In 2007, the Cubs were coming off a 96-loss season. But they had a new manager, Lou Piniella, and general manager Jim Hendry had made some key acquisitions, including signing Alfonso Soriano to what was
at the time the biggest contract in franchise history.
And then, thud. The team got off to a bad start and after a loss to the Braves June 2, they were 22-31, 7.5 games out of first place. That series against Atlanta had featured Carlos Zambrano destroying a Gatorade cooler in the dugout and Piniella having a dirt-kicking tirade at umpire Mark Wegner about a play that even Lou admitted later had been called correctly.
Fun times, right?
After that, though, the Cubs went on a 16-8 run and were just one game under .500 when the Brewers came to Wrigley Field to begin a three-game series on a Friday afternoon.

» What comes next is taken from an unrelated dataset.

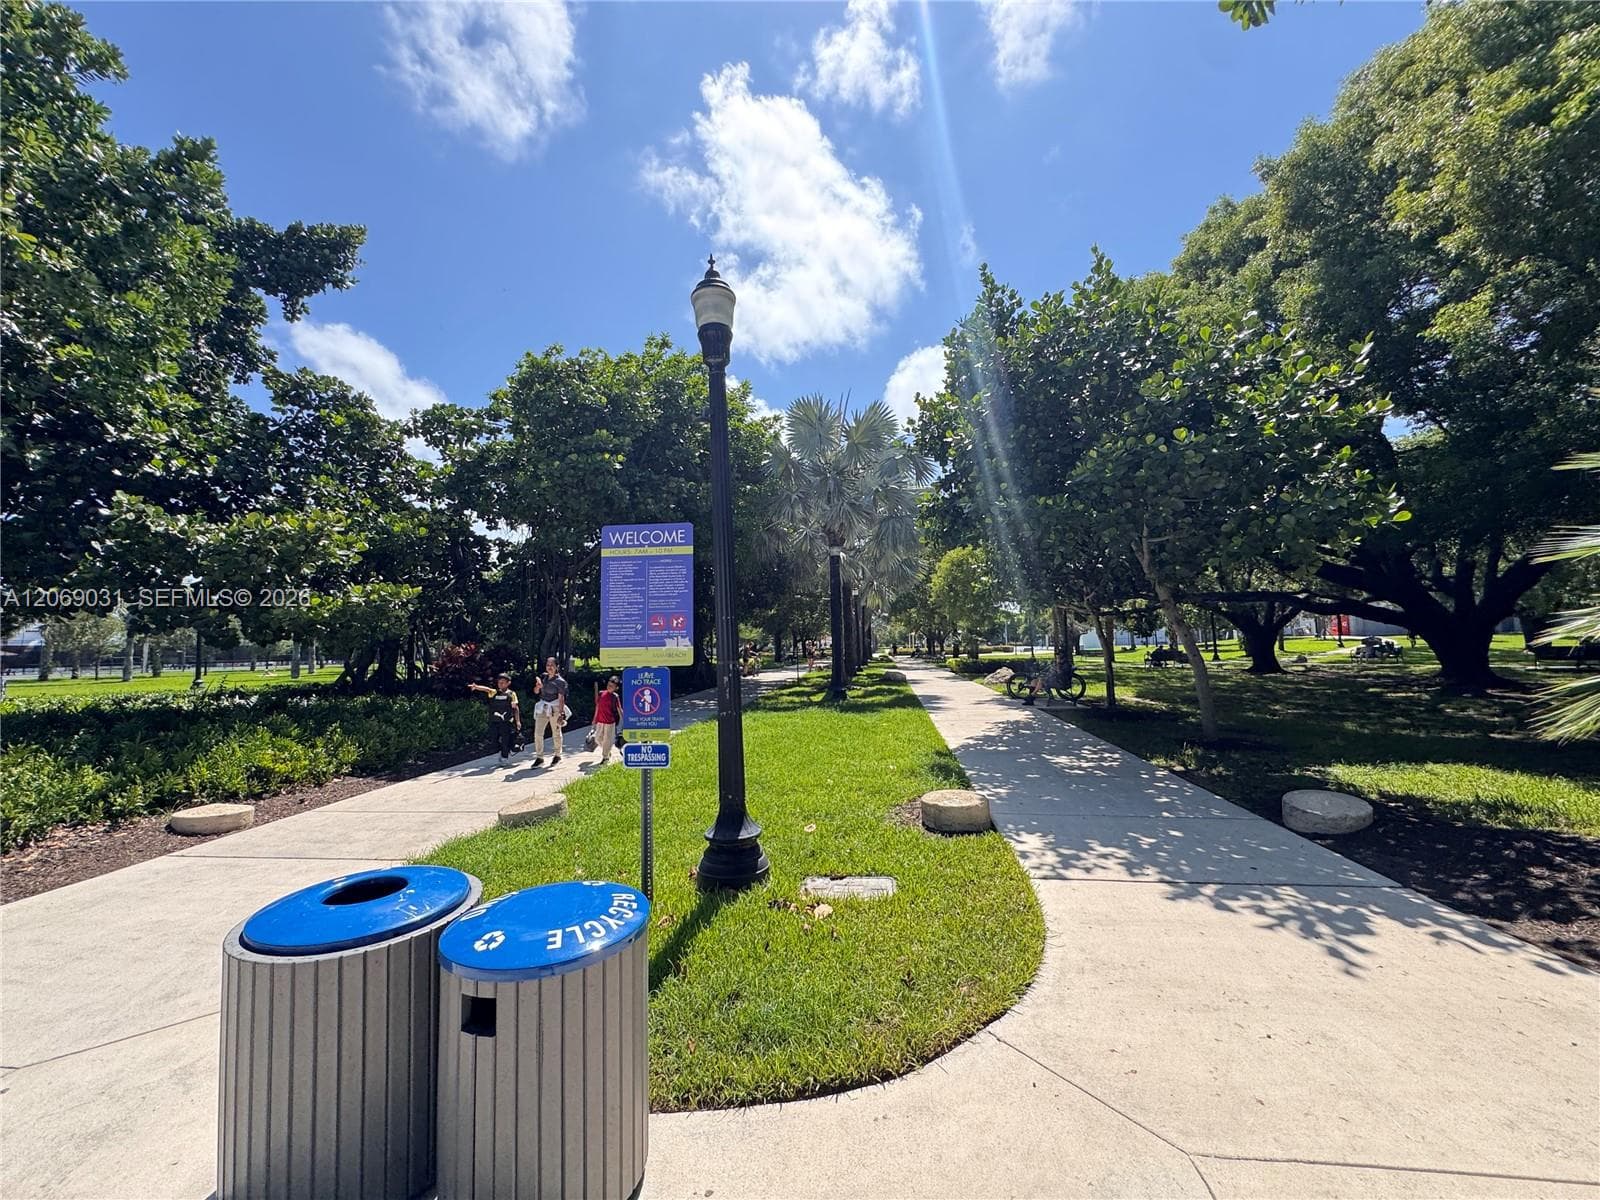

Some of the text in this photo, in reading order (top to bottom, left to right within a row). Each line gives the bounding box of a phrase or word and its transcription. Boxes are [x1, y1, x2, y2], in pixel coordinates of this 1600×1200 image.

The series opener did not start well. The Brewers jumped all over Rich Hill for five runs in the first inning, including a three-run homer by Kevin Mench. Hill was done after three innings, but relievers Billy Petrick (remember him? This was just his second MLB game), Michael Wuertz, Carlos Marmol and Bob Howry threw six shutout innings, allowing just three hits and a walk with seven strikeouts.

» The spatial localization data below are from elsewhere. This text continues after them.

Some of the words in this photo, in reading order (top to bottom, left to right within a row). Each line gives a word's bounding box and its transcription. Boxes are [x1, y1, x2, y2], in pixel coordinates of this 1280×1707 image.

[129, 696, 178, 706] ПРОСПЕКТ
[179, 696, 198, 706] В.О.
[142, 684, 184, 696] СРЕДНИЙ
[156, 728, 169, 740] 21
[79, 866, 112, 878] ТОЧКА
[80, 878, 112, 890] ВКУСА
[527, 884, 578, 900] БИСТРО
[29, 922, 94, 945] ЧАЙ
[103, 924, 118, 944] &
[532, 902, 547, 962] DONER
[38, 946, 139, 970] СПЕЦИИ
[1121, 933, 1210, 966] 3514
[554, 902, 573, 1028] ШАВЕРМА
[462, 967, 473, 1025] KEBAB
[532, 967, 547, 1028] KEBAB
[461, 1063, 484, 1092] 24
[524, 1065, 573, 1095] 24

The good relief work allowed the Cubs the chance to come back. They scored two in the fifth and one in the eighth, but still trailed by two heading to the bottom of the ninth.

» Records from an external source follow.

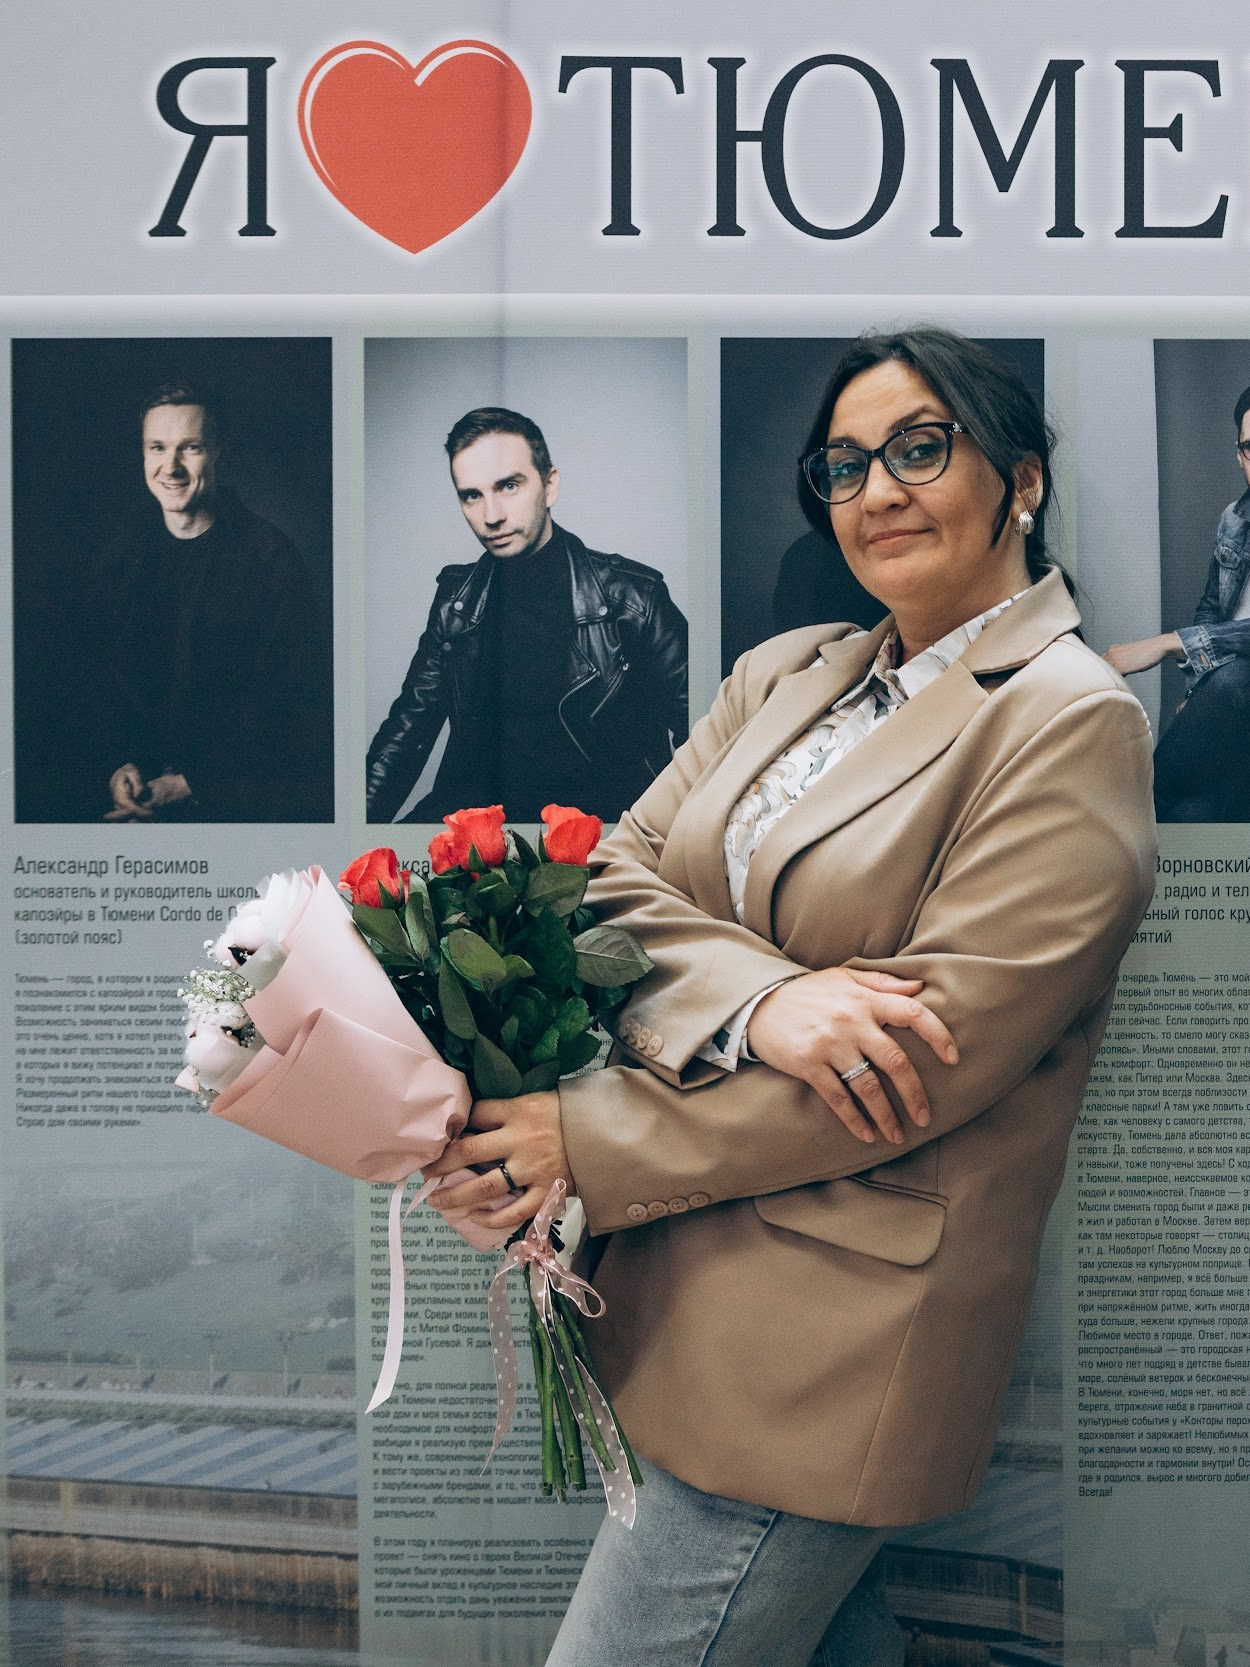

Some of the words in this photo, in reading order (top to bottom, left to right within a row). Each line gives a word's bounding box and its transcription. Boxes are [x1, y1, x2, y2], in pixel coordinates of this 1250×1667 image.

[147, 56, 277, 238] Я
[13, 855, 109, 879] Александр
[114, 855, 210, 879] Герасимов
[13, 885, 97, 899] основатель
[100, 885, 110, 899] и
[113, 885, 213, 903] руководитель
[1164, 886, 1207, 900] радио
[1211, 886, 1221, 897] и
[13, 904, 84, 926] капоэйры
[87, 908, 96, 922] в
[101, 904, 156, 922] Тюмени
[159, 904, 202, 922] Cordo
[206, 904, 223, 922] de
[1184, 908, 1225, 921] голос
[15, 929, 80, 948] (золотой
[83, 929, 123, 948] пояс)
[1117, 986, 1152, 999] первый
[1153, 988, 1176, 997] опыт
[1178, 988, 1190, 997] во
[1191, 988, 1224, 997] многих
[1077, 1115, 1101, 1127] Мне,
[1103, 1117, 1119, 1126] как
[1121, 1117, 1163, 1128] человеку
[1173, 1117, 1206, 1126] самого
[1207, 1117, 1247, 1127] детства,
[1077, 1201, 1111, 1212] Мысли
[1112, 1203, 1151, 1212] сменить
[1153, 1203, 1180, 1214] город
[1180, 1201, 1206, 1212] были
[1215, 1203, 1240, 1213] даже
[1077, 1318, 1099, 1328] куда
[1100, 1316, 1138, 1327] больше,
[1140, 1318, 1176, 1326] нежели
[1177, 1318, 1216, 1328] крупные
[1217, 1318, 1250, 1328] города.
[1078, 1329, 1122, 1340] Любимое
[1123, 1331, 1152, 1340] место
[1161, 1331, 1195, 1342] городе.
[1197, 1329, 1227, 1341] Ответ,
[1078, 1486, 1113, 1498] Всегда!

With one out, Soriano singled and took third on a single by Mike Fontenot. Derrek Lee’s sacrifice fly scored Soriano to make it 5-4, but now there are two out.
Ramirez stepped to the plate and hit Francisco Cordero’s first pitch into the bleachers in left, sending the crowd into a frenzy:
Great call, too, by Len Kasper. And the photo at the top of this post of the celebration as Ramirez gets to home plate is one of the most memorable in Cubs history.
This was the Cubs’ seventh win in a row and brought them to .500 at 39-39. They lost the next day, but then won three more in a row and went 17-9 in July. A 12-16 August put them in second place for a bit, and after dropping into second place again Sept. 11, they finished the year on a 12-6 run to win the division with an 85-77 record.
Ramirez was one of the best home run hitters in Cubs history. Of his 386 career home runs, 239 were hit with the Cubs, which ranks seventh in franchise history. After he left the Cubs as a free agent following the 2011 season, he played three-plus seasons in Milwaukee before returning to finish his career where it began, with the Pirates. Ramirez was inducted into the Cubs Hall of Fame, along with Kerry Wood, in 2024.